How I Did It

Calm and steady wins the race

Basab Ghosh doesn't panic and shuffle his funds because of short-term slippage in their returns. That has helped him accumulate a healthy retirement kitty

Calm and steady wins the race

dhanak हिंदी में भी पढ़ें read-in-hindi

Often it is not what you do but what you don't do that decides how much wealth you can create over the long run. Not prone to panic in tough markets or shuffling funds because of short-term slippage in their returns, Basab Ghosh, a Delhi-based civil engineer, has been able to accumulate a healthy retirement kitty, mainly through mutual funds. Mr Ghosh worked with various Indian and multinational companies before he retired from a multinational in 2012.

Though Mr Ghosh started out with his mutual fund investments way back in 1986, when UTI Mastershare was flagged off, his 'serious' stint with investing kicked off in 2005, since he isn't a finance expert. Mr Ghosh was based in Sharjah then and used to regularly consult an accounts executive from Karvy Computershare, who used to help him with investing. "I asked her how I could know more about investing on a regular basis and she directed me to Value Research Online. I started going through it and realised that it was extremely useful to help me select investments as well as manage my portfolio."

As a person who likes to make up his own mind, Mr Ghosh likes to wade through data on fund portfolios and performance and apply tools to make inter-scheme comparisons.

Asset allocation and mutual funds
Currently his portfolio is split in the ratio of 27 per cent in equity and 38 per cent in debt, while 35 per cent is in balanced funds. While he's quite happy with the long-term returns from his portfolio, it hasn't been a smooth run all the way. "I haven't always made good returns. I did suffer losses on my portfolio as the markets went through a rocky phase during the 2007-2008 period." But the market rally since then has helped him recoup those losses and his portfolio sports a double-digit return now.

The lion's share of that portfolio is parked in four-five balanced funds, with some long-term equity performers as well. What funds have given him the best returns over the years? Mr Ghosh reels off HDFC Equity (now HDFC Flexi Cap Fund), Aditya Birla Sun Life Frontline Equity, IDFC Premier Equity (now IDFC Flexi Cap Fund), HDFC Prudence (now HDFC Balanced Advantage Fund) and also HDFC Balanced (now HDFC Hybrid Equity Fund). Reliance Banking Fund (now Nippon India Banking & Financial Services Fund) has also chipped in from time to time.

Showing resolve
Mr Ghosh has noted, like many other investors, that the ratings of HDFC Equity (now HDFC Flexi Cap Fund) have slipped in the last year or so. Ditto with IDFC Premier Equity (now IDFC Flexi Cap Fund). But he has taken a decision to stay with both the funds. "While recent performance of HDFC Equity (now HDFC Flexi Cap Fund) has not been great and the fund has slipped in the Value Research ratings from five stars to three stars and below, I have had a good long-term experience from the fund and so I have decided to stay invested." Similarly, he continues to prefer IDFC's funds. "I have found they are pretty stable. I prefer funds which don't take too much of a hit in bad times," he says.

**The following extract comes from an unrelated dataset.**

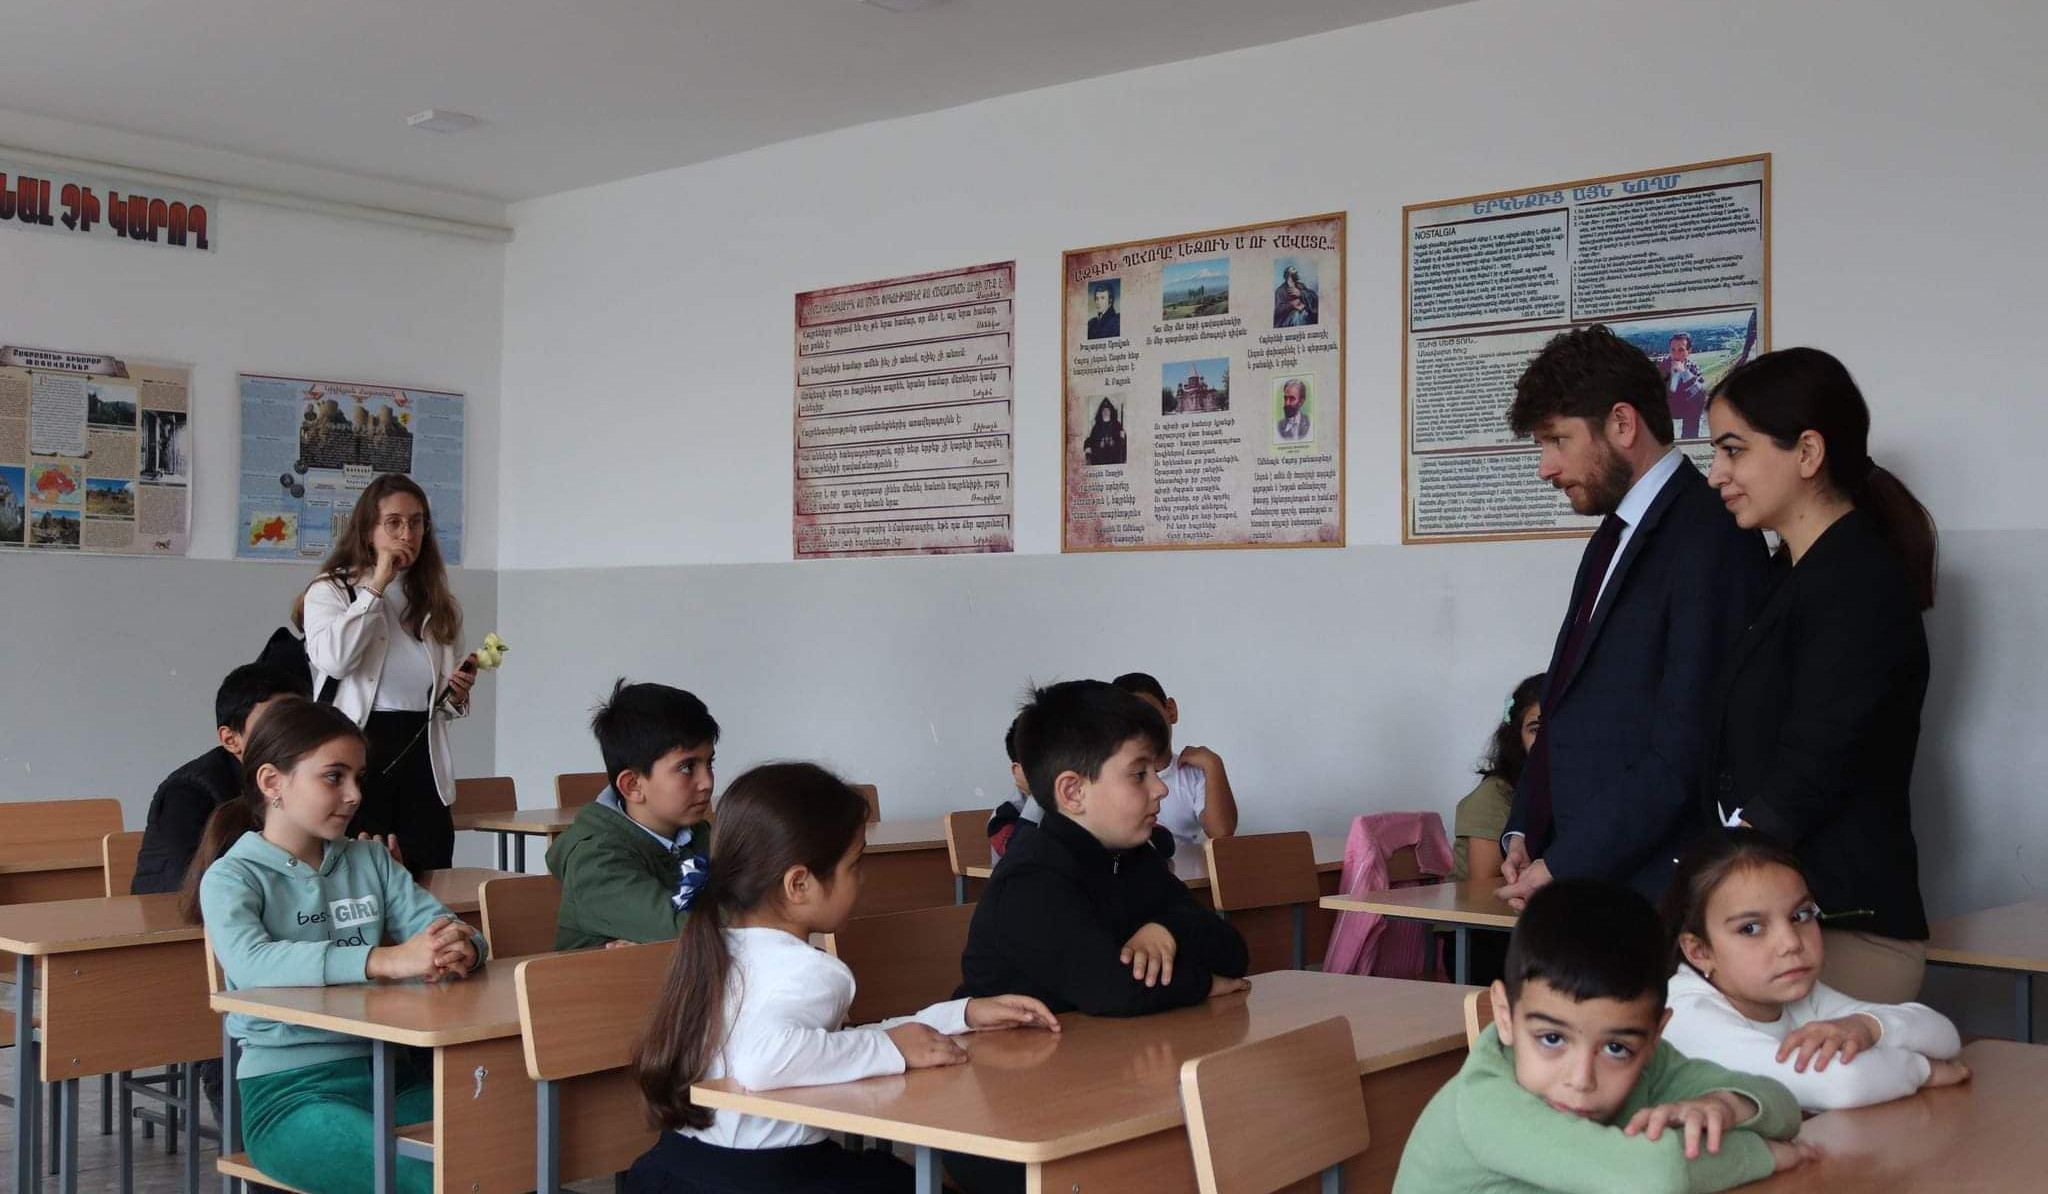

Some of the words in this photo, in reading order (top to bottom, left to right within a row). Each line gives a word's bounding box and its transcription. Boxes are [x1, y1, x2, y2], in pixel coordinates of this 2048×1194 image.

"I don't get panicky when I see a fund slipping in the ratings. Over the years I have observed that if a fund's one-year returns are not great, that inevitably impacts three- and five-year returns as well. I prefer to invest based on long-term performance, rather than short-term returns." In fact, he recommends that Value Research should not revise its ratings very often because investors should be encouraged to stay the course.

While he may not react to every blip in fund ratings, Mr Ghosh does like to watch over his portfolio quite closely. "I do not change my funds often, but check on my portfolio almost daily. I am careful about updating my portfolio for dividends and other changes."

For the future, Mr Ghosh says he would love to see many more tools that allow him to run 'what-if' scenarios on the funds he owns, compare them to peers and graph their relative returns. He would also like to be alerted whenever a fund in his portfolio is downgraded.

This story first appeared in February 2016.